Written by: on Monday, April 30th, 2012
What a Real Home Gym Looks Like

My home gym doubles as a playroom (hence my daughters' drawings on the walls!), which is the reality for most people!

You want to know what a real home gym looks like? Well, for one thing: it usually doubles as another space (some people have it in their basements, by the washer and dryer; others have it in their dens; and some—like me—have it in the kids’ playroom). But … here’s mine! Cardio Central. Pumba, ever faithful workout partner, is lurking in the corner too. He stares at my feet whether I am on the treadmill or the elliptical. I have to pick my way through a floor littered with toys to get to my equipment. (Note to self: my girls have too many toys!)

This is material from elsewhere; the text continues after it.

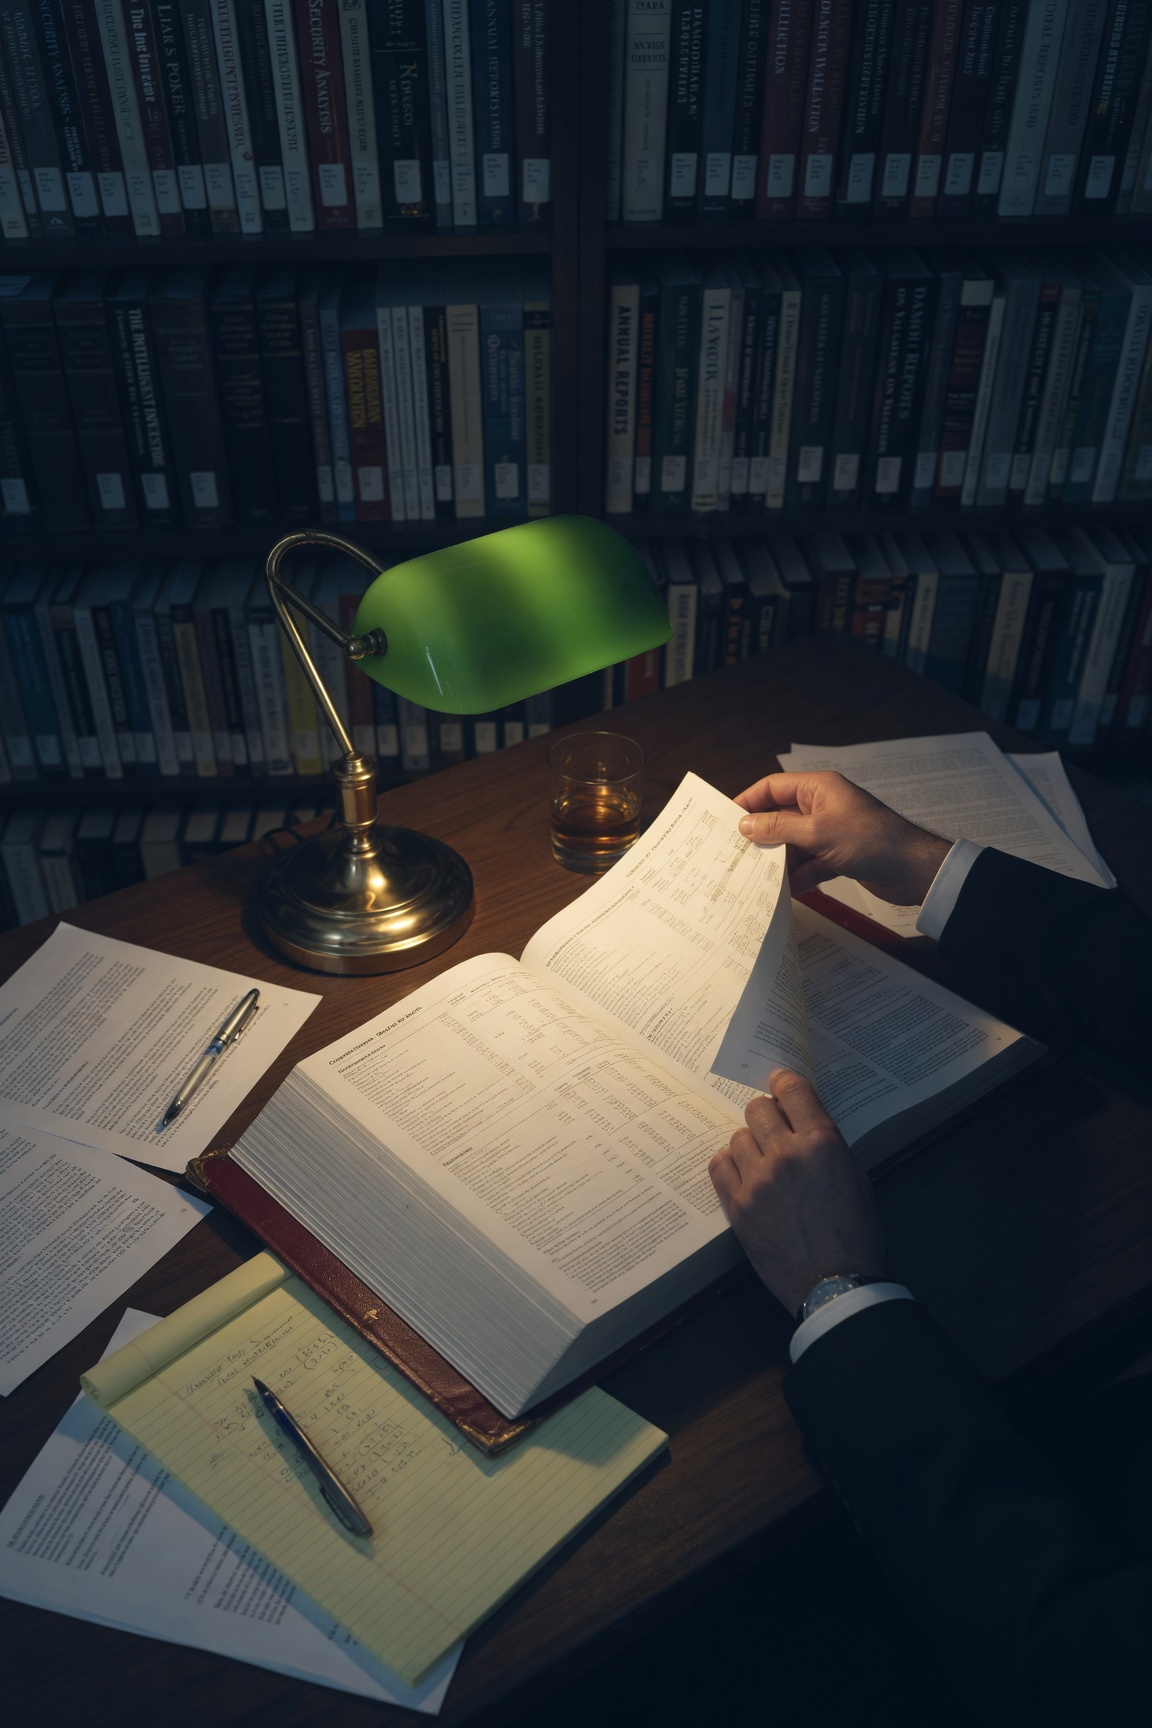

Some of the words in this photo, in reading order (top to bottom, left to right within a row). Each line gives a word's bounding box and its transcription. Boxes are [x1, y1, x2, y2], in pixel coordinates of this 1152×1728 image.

[166, 62, 186, 115] POKER
[616, 305, 632, 364] ANNUAL
[614, 371, 631, 435] REPORTS
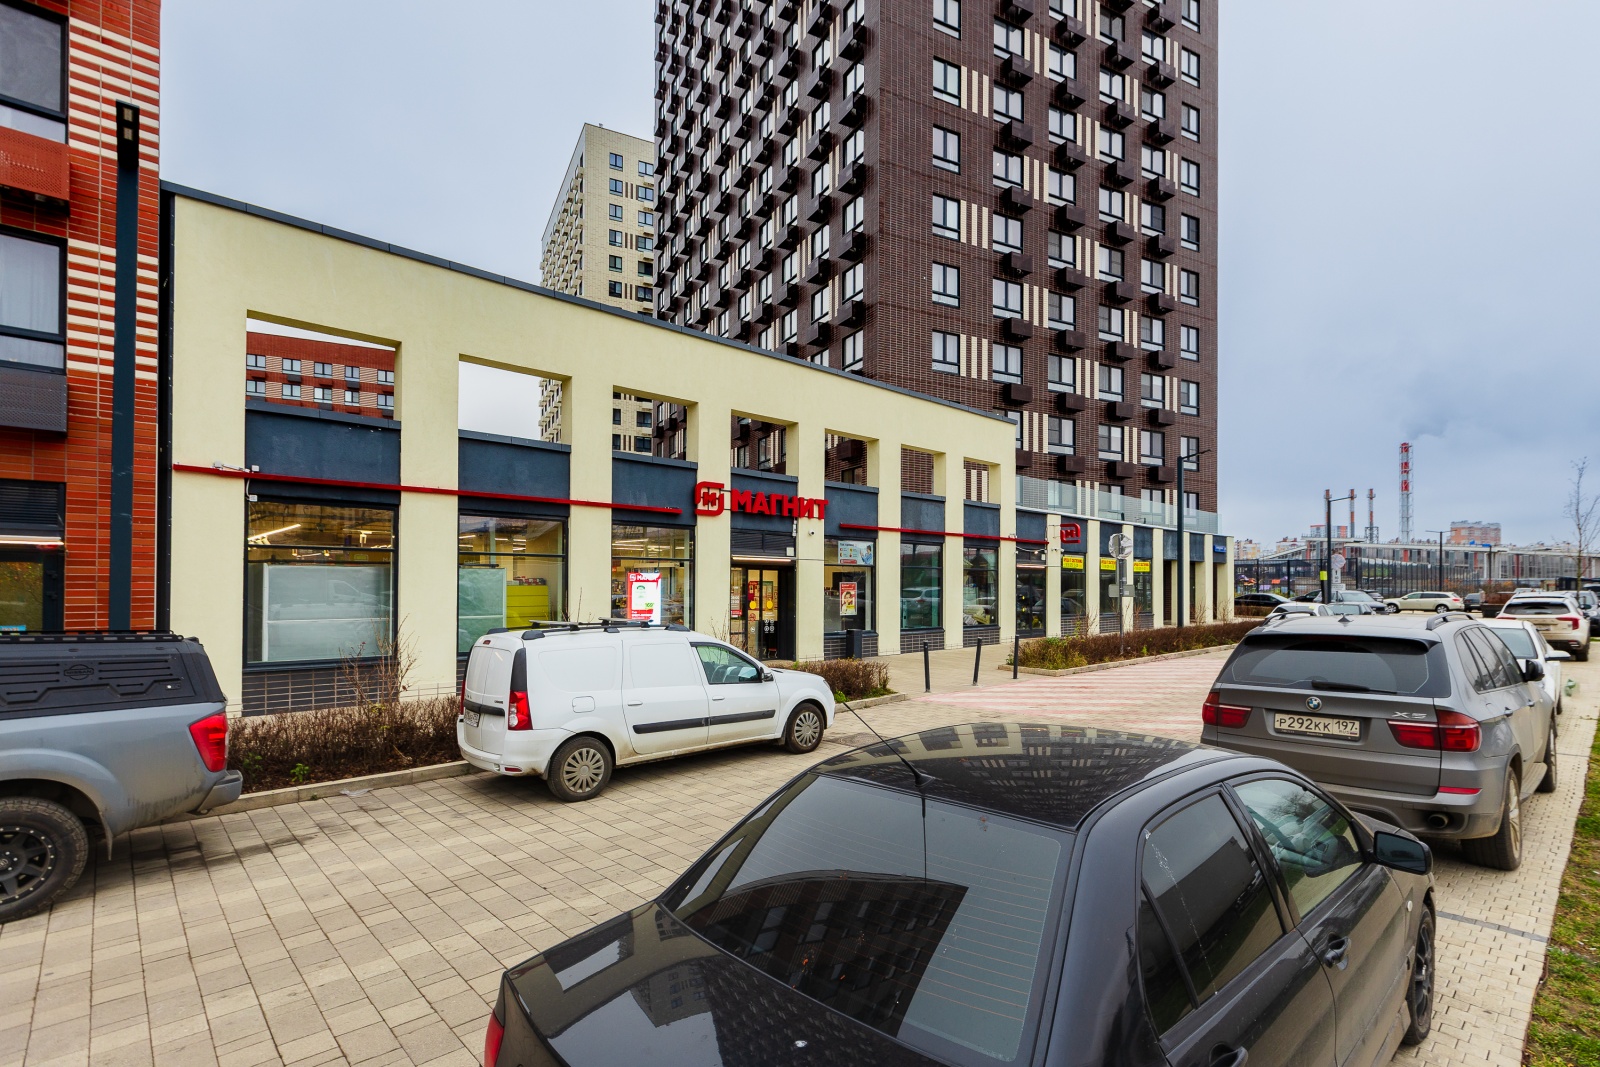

But it doesn’t matter what the room looks like; what matters is that you get your butt there to do your exercise. If it’s not motivating, then you won’t want to step foot on the equipment!

Do you have a home gym? Tell me how you get motivated (and stay motivated to work out there); write to me at melissa@valerielatona.com.

Our treadmill is a free hand-me-down. Actually, we are the 3rd to house it. I am grateful for it in ways I never thought possible. Husband has had to repair it and jerry-rig the top back on. Sometimes, it doesn’t smell right. Every step could be its last. I have my eyes on a new one. It’s over $1,000. To save and prepare, I have been charging myself $3 each time I step on it. As it nears its demise, I started charging myself $3 to get on the elliptical too. The girls even pay 25 cents to use the equipment! I have almost $250 saved so far. Today, the self-imposed usage fee goes up to $5 because I am afraid it is going to quit before I am ready!

I am still on my quest to be a contender in a 5K race in May. May is tomorrow! I need to step up my training schedule. It seems I need to do more “suffering”…but it definitely pays off!